* _ACTIVITY_:
Copy exactly the last part of the entries, starting from the line with "this 1500×1000 image." and including the final line.

(Items from a dataset)
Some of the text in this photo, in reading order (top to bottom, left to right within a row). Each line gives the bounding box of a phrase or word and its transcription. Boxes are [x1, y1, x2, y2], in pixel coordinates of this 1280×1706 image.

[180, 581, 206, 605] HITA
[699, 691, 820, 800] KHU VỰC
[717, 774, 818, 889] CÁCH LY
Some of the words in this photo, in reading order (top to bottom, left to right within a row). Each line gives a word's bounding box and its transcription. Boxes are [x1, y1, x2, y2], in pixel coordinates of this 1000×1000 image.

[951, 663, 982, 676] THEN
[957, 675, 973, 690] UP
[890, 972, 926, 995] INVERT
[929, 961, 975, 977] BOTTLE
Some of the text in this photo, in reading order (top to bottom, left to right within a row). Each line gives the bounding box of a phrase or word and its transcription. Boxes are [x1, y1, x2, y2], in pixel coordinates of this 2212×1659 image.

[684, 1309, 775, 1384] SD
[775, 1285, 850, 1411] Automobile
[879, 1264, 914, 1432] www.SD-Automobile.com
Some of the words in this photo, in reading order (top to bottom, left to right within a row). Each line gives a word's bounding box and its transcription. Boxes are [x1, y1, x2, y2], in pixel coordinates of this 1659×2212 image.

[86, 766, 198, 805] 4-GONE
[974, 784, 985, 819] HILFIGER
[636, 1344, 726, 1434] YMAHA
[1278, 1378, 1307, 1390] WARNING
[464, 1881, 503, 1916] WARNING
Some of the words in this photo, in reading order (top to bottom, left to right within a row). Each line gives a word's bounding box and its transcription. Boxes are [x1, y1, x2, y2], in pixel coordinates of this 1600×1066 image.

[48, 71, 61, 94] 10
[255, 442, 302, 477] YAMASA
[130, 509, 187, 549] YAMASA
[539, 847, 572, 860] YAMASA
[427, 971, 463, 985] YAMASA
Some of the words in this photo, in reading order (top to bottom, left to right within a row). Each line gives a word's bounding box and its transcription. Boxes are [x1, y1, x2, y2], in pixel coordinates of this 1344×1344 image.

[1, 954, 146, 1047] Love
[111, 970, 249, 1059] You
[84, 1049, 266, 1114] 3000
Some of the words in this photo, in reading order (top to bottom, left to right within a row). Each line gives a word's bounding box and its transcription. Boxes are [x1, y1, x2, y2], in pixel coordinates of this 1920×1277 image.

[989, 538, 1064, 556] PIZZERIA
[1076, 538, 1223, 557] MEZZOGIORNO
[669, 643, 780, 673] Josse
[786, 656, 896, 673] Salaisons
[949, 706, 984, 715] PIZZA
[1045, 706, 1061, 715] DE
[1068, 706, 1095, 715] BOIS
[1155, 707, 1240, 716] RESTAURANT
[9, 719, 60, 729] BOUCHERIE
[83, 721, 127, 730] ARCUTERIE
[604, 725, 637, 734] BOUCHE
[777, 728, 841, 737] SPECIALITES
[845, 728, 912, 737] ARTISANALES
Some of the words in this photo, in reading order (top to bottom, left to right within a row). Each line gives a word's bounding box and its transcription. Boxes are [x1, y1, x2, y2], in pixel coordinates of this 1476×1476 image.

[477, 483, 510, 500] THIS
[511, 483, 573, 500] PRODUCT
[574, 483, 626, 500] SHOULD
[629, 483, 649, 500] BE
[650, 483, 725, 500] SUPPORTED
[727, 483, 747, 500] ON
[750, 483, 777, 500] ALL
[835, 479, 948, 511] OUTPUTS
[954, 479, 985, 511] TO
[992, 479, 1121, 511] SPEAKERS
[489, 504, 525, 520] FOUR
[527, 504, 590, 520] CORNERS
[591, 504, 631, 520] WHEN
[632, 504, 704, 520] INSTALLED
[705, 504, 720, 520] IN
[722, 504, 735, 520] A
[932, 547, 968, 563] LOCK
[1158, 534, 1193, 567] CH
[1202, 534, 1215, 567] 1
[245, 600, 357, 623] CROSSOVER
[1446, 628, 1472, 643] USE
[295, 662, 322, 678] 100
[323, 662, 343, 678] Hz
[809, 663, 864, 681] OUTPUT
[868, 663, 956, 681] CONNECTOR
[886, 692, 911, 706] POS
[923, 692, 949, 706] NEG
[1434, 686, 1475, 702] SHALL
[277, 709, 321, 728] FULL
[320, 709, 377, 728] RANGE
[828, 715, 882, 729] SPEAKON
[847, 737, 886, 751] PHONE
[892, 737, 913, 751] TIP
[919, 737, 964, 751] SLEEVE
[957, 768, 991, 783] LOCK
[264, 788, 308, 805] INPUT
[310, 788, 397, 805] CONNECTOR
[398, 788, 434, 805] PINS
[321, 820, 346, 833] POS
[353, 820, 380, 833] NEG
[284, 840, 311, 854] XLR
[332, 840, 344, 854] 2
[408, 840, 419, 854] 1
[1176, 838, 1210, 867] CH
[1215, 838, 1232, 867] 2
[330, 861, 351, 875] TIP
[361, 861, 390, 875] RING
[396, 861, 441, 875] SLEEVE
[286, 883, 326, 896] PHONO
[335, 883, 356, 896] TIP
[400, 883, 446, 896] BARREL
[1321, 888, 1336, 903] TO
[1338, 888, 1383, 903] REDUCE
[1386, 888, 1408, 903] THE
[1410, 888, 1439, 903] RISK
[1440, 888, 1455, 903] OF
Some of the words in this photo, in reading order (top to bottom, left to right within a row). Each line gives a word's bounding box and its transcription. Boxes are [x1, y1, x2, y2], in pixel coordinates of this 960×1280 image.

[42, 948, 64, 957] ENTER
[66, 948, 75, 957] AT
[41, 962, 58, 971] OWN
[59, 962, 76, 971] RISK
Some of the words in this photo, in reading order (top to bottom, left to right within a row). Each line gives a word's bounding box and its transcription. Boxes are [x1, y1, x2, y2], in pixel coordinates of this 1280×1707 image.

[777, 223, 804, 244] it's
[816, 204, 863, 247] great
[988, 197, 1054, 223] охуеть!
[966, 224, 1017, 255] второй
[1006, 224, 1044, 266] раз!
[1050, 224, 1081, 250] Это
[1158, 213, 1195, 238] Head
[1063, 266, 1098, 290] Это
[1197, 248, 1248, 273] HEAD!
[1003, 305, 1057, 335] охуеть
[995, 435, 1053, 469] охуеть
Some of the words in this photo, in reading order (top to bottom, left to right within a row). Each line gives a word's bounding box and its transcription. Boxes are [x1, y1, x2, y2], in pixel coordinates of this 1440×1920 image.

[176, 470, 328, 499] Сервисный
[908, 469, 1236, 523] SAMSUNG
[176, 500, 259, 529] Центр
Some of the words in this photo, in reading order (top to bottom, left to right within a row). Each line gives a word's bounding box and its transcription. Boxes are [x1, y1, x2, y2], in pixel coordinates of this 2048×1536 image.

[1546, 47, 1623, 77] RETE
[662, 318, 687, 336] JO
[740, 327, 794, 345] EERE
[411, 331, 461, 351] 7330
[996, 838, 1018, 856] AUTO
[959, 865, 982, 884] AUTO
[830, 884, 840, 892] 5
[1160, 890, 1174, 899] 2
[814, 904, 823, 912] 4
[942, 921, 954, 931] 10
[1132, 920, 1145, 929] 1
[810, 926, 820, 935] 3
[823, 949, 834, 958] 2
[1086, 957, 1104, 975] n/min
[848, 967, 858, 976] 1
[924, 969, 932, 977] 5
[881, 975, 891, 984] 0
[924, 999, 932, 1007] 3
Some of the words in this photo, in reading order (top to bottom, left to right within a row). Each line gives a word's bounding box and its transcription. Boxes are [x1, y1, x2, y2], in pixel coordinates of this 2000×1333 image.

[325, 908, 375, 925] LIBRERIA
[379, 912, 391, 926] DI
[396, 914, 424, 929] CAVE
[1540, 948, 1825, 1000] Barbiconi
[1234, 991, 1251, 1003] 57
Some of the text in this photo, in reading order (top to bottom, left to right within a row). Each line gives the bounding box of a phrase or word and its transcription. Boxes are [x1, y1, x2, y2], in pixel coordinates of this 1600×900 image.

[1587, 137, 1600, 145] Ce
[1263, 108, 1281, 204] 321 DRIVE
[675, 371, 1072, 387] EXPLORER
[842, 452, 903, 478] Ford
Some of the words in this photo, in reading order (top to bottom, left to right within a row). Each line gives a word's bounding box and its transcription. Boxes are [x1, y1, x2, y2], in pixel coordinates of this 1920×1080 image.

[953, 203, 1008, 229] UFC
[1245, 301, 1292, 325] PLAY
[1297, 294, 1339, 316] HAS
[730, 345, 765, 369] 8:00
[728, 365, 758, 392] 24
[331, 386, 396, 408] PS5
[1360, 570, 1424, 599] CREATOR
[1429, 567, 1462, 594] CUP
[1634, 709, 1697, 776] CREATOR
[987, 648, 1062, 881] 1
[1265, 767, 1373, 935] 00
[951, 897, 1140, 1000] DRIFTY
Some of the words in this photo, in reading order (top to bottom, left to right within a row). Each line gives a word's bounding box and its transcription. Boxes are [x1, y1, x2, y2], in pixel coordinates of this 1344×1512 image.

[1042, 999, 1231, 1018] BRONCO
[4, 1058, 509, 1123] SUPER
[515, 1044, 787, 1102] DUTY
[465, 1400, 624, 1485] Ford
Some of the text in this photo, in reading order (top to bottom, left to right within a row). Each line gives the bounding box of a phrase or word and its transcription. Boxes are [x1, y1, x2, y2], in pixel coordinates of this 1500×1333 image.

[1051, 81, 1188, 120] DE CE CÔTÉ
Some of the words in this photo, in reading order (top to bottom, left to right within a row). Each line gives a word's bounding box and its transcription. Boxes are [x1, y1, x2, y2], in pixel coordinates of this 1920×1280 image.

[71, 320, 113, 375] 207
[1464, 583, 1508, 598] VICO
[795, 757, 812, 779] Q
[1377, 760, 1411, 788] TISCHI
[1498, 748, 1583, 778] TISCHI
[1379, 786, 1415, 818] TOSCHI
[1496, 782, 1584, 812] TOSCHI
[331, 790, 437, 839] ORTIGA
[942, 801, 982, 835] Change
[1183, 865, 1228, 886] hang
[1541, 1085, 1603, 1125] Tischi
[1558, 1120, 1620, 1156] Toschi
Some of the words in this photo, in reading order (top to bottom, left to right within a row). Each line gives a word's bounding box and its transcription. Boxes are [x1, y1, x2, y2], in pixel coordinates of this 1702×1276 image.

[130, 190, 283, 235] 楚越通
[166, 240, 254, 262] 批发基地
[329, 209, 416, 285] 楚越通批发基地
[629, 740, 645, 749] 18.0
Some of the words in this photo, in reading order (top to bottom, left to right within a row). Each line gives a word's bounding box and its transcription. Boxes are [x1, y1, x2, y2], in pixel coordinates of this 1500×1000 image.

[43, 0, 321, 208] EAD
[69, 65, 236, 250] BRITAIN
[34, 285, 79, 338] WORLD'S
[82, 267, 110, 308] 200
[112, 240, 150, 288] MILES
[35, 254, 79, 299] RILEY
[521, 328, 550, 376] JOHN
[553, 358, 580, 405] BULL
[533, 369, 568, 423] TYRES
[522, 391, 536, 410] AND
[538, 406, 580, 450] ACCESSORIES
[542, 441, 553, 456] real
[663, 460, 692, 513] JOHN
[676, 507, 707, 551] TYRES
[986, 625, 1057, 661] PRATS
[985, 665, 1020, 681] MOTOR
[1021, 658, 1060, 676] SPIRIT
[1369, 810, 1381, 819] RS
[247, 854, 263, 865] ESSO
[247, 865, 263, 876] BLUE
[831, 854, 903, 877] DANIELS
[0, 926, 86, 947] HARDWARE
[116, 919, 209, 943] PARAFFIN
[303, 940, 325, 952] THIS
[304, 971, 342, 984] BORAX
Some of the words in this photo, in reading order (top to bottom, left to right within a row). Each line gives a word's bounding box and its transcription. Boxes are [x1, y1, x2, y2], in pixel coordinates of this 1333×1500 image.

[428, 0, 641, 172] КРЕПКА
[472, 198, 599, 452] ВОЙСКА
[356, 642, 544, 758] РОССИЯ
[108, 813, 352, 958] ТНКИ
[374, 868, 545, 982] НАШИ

* _SOLUTION BELOW_:
Some of the words in this photo, in reading order (top to bottom, left to right within a row). Each line gives a word's bounding box and its transcription. Boxes are [x1, y1, x2, y2], in pixel coordinates of this 1500×1000 image.

[43, 0, 321, 208] EAD
[69, 65, 236, 250] BRITAIN
[34, 285, 79, 338] WORLD'S
[82, 267, 110, 308] 200
[112, 240, 150, 288] MILES
[35, 254, 79, 299] RILEY
[521, 328, 550, 376] JOHN
[553, 358, 580, 405] BULL
[533, 369, 568, 423] TYRES
[522, 391, 536, 410] AND
[538, 406, 580, 450] ACCESSORIES
[542, 441, 553, 456] real
[663, 460, 692, 513] JOHN
[676, 507, 707, 551] TYRES
[986, 625, 1057, 661] PRATS
[985, 665, 1020, 681] MOTOR
[1021, 658, 1060, 676] SPIRIT
[1369, 810, 1381, 819] RS
[247, 854, 263, 865] ESSO
[247, 865, 263, 876] BLUE
[831, 854, 903, 877] DANIELS
[0, 926, 86, 947] HARDWARE
[116, 919, 209, 943] PARAFFIN
[303, 940, 325, 952] THIS
[304, 971, 342, 984] BORAX
Some of the words in this photo, in reading order (top to bottom, left to right within a row). Each line gives a word's bounding box and its transcription. Boxes are [x1, y1, x2, y2], in pixel coordinates of this 1333×1500 image.

[428, 0, 641, 172] КРЕПКА
[472, 198, 599, 452] ВОЙСКА
[356, 642, 544, 758] РОССИЯ
[108, 813, 352, 958] ТНКИ
[374, 868, 545, 982] НАШИ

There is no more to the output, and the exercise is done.